Breakthrough at UoH research labs

Researchers from the School of Chemistry, University of Hyderabad have developed a method to address the poor solubility of bio-active agent Curcumin, a potential drug candidate with diverse pharmacological activity and chief ingredient of popular Indian spice turmeric.
Curcumin acts as anti-inflammatory, antioxidant, anticancer and cure for Alzheimer’s disease, but its potential as a drug is limited by poor aqueous solubility, low bio-availability, and short half life in the biological medium.
The therapeutic potential of turmeric (haldi) is well known in the Indian traditional system of medicine, says Prof. Ashwini Nangia, who led the team of Ph.D students in this research.
Prof. Nangia said his Ph.D students, Rajesh Goud, K. Suresh and Palash Sanphui along with U B Rao Khandavilli working at his Technology Business Incubator laboratory in UoH campus prepared solid forms comprising Curcumin that is uniformly mixed with safe additives resulting in so called Eutectic Compositions. “The safe additives effectively enhance the solubility of Curcumin by virtue of their hydrophilic nature. The crystalline eutectic compositions showed no signs of transformation or degradation at ambient conditions.”
Last year his team prepared pharmaceutical cocrystals of Curcumin with equally remarkable solubility improvement which were published in American Chemical Society journal Crystal Growth and Design.
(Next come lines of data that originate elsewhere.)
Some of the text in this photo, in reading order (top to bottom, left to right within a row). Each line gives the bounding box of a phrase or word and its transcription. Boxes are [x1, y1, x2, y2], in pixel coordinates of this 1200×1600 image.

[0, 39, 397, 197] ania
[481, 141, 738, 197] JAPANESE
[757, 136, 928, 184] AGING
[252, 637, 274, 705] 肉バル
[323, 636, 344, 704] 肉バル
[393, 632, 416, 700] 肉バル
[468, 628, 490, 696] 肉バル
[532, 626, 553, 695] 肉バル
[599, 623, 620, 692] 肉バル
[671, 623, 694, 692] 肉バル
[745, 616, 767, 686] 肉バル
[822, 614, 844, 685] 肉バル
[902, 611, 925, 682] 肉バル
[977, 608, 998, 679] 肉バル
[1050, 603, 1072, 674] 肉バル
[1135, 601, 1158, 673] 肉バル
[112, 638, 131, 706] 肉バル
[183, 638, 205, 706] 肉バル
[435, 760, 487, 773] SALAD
He said the latest results on Curcumin Eutectics will appear in the International Journal of Pharmaceutics.
“Preliminary analysis of the pharmacological properties of cocrystals and eutectics suggest that they are more soluble than Curcumin and could be suitable for solid dose oral formulation.
Drug development
In drug development, the efficacy of the active component must be enhanced by modifying it into a form that has higher bio-availability and stability but without changing the basic skeleton of the drug molecule.
The cocrystals and eutectics strategy adopted in this project satisfy the above criteria,” according to Prof. Nangia.
Prof. Nangia now plans to study the biological activity and cell specificity of soluble Curcumin cocrystals and eutectics for anti-cancer therapy in collaboration with Life Science Incubator at IKP Knowledge Park, Genome Valley. He feels the ecosystem of biotech-pharma education, research, and innovation cluster in Hyderabad is a key driver to this interdisciplinary programme.